OKLAHOMA CITY (AP) _ Evidence from a privately funded merit pay plan in elementary schools in Arkansas suggest the idea is worth trying, a University of Arkansas education policy expert said Tuesday.
``This is a promising strategy. It's worth trying and evaluating rigorously,'' Gary Ritter told a House committee in its first meeting on merit pay, which is being pushed by House Speaker Lance Cargill, R-Harrah.
Ritter said a pilot project at elementary schools in Little Rock showed increases in math scores. He also said teachers, according to a survey, reported having a positive work environment.
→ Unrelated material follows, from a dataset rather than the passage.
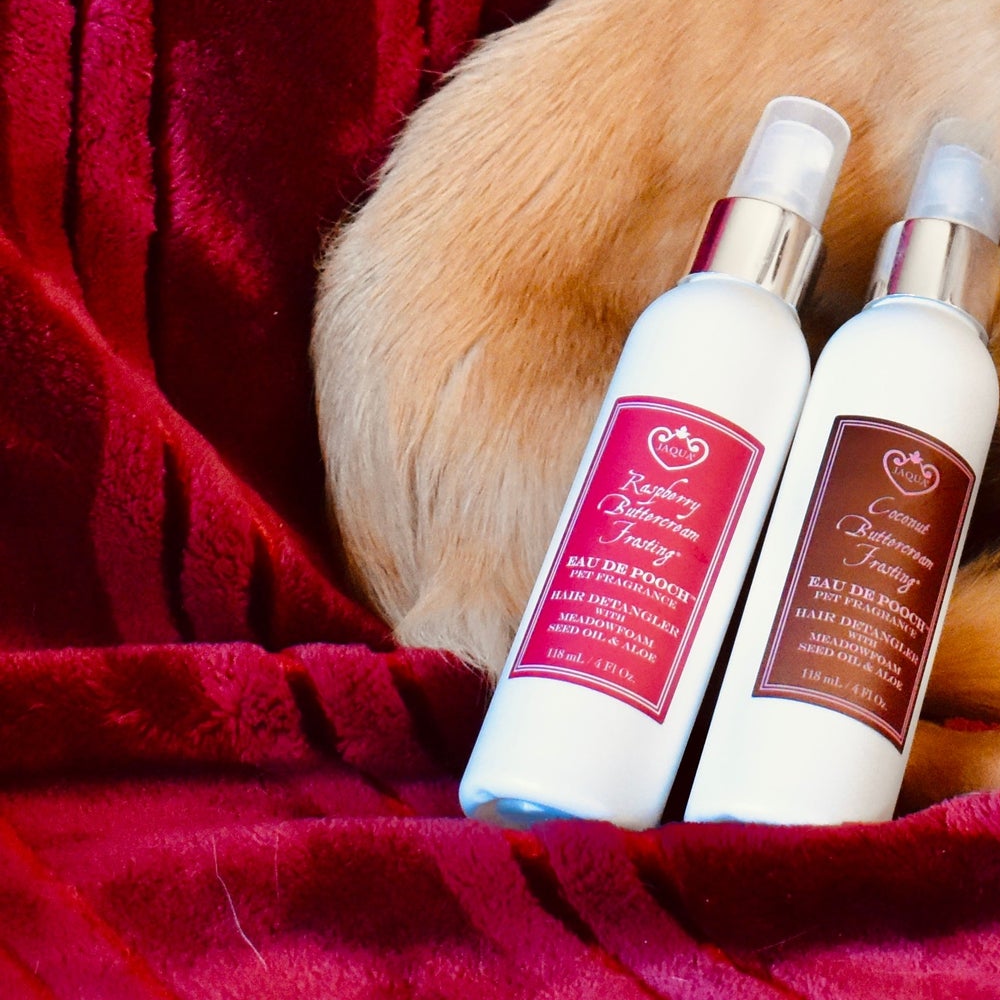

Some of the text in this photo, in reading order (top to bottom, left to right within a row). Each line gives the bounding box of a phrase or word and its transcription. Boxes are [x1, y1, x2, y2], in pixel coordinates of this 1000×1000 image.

Teachers in the project made bonuses of up to $11,000.
``There is some evidence that it can be useful, but not overwhelming evidence yet,'' he said of the use of merit pay to improve student achievement.
Cargill said Ritter's testimony contradicts many myths surrounding merit pay, or performance pay, including a charge that such systems create ``negative competition'' that hurts collaboration among teachers.
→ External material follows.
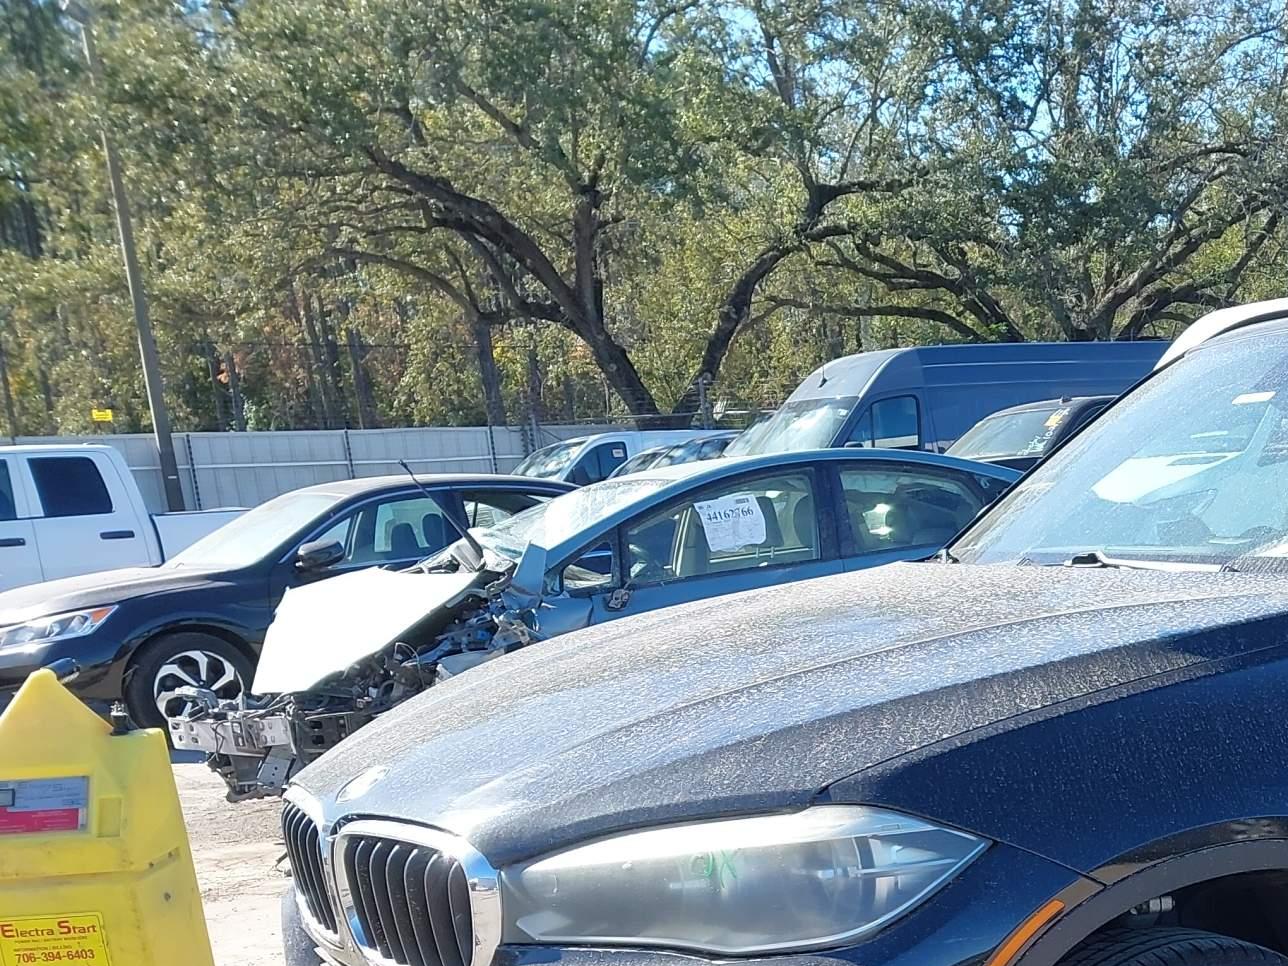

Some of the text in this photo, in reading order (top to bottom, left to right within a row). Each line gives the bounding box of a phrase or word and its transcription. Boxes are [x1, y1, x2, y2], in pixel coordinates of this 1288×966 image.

``Whatever performance pay system we develop in Oklahoma, it's clear that the days of one-size-fits-all pay raises are over,'' he said.
Tuesday's hearing was the first of five that will run through Oct. 9. The next, set for Sept. 11, will include testimony from school officials and teacher organizations.
The hearings are being conducted by the House Education Committee. ``With these hearings, we're simply trying to develop a plan that pays teachers as professionals,'' said Rep. Tad Jones, R-Claremore, committee chairman.
Roy Bishop, president of the Oklahoma Education Association, said Ritter indicated merit pay ``won't work if this is the only way to give salary increases.''
``The program shouldn't be used to get us to the regional average in teacher salaries,'' Bishop said. ``It's been our stand all along that the elected leadership of this state made a commitment to get us to the regional average this year. Right now, we are over $1,000 below that average and for them to abandon that plan and to discuss this issue is not acceptable to us.''
He said various merit pay programs around the country have ``collapsed under their own weight'' because lawmakers did not appropriate enough money to create a fair system.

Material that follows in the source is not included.